(Spatial localization data)
*** Block opens ***

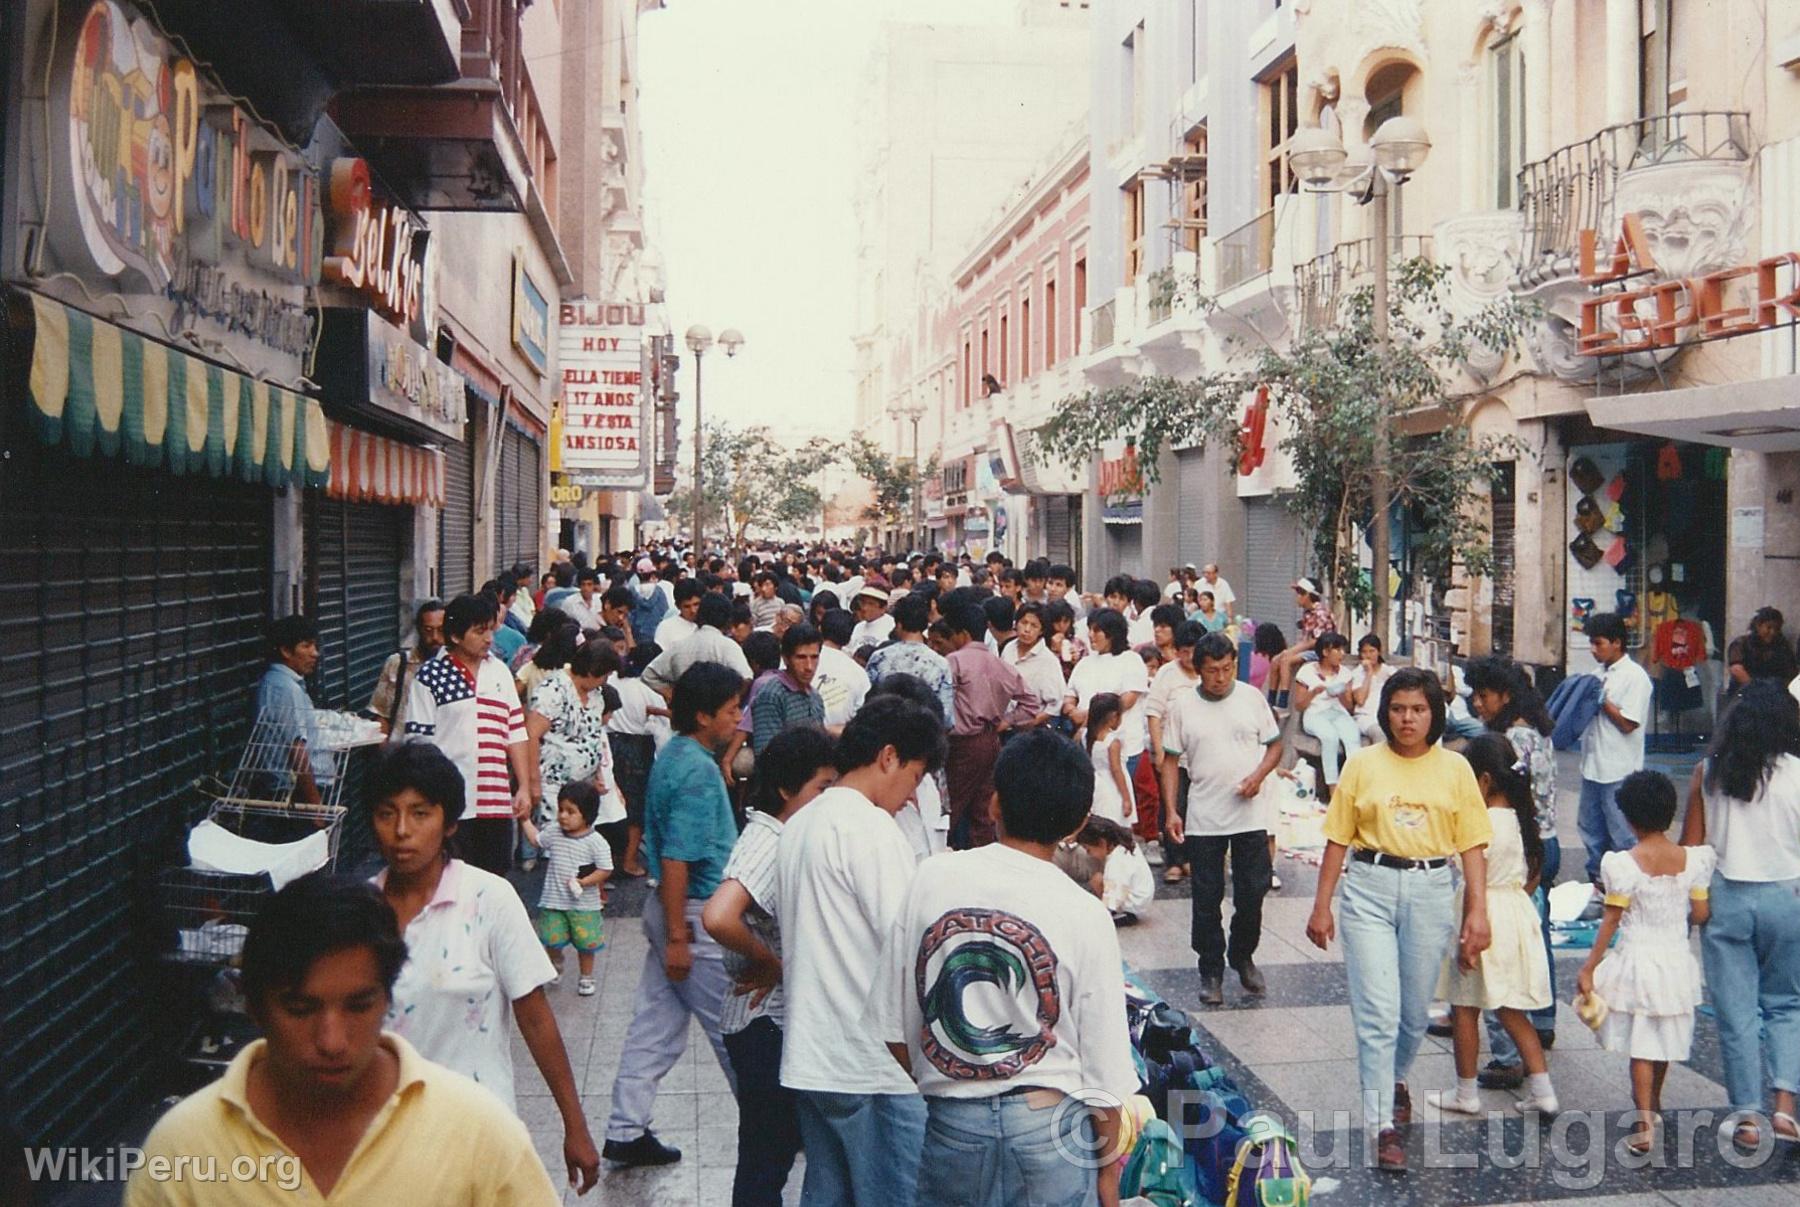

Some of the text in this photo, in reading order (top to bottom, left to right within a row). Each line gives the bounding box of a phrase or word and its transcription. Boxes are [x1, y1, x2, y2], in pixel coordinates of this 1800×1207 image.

[1579, 212, 1656, 284] LA
[560, 304, 645, 326] BIJOU
[583, 337, 620, 352] HOY
[564, 369, 598, 384] ELLA
[574, 391, 589, 405] 17

*** Block closes ***

* **What this task involves**
Retype each of the entries above exactly as it appears, with no pictures.

* **Completed task**
Some of the text in this photo, in reading order (top to bottom, left to right within a row). Each line gives the bounding box of a phrase or word and its transcription. Boxes are [x1, y1, x2, y2], in pixel coordinates of this 1800×1207 image.

[1579, 212, 1656, 284] LA
[560, 304, 645, 326] BIJOU
[583, 337, 620, 352] HOY
[564, 369, 598, 384] ELLA
[574, 391, 589, 405] 17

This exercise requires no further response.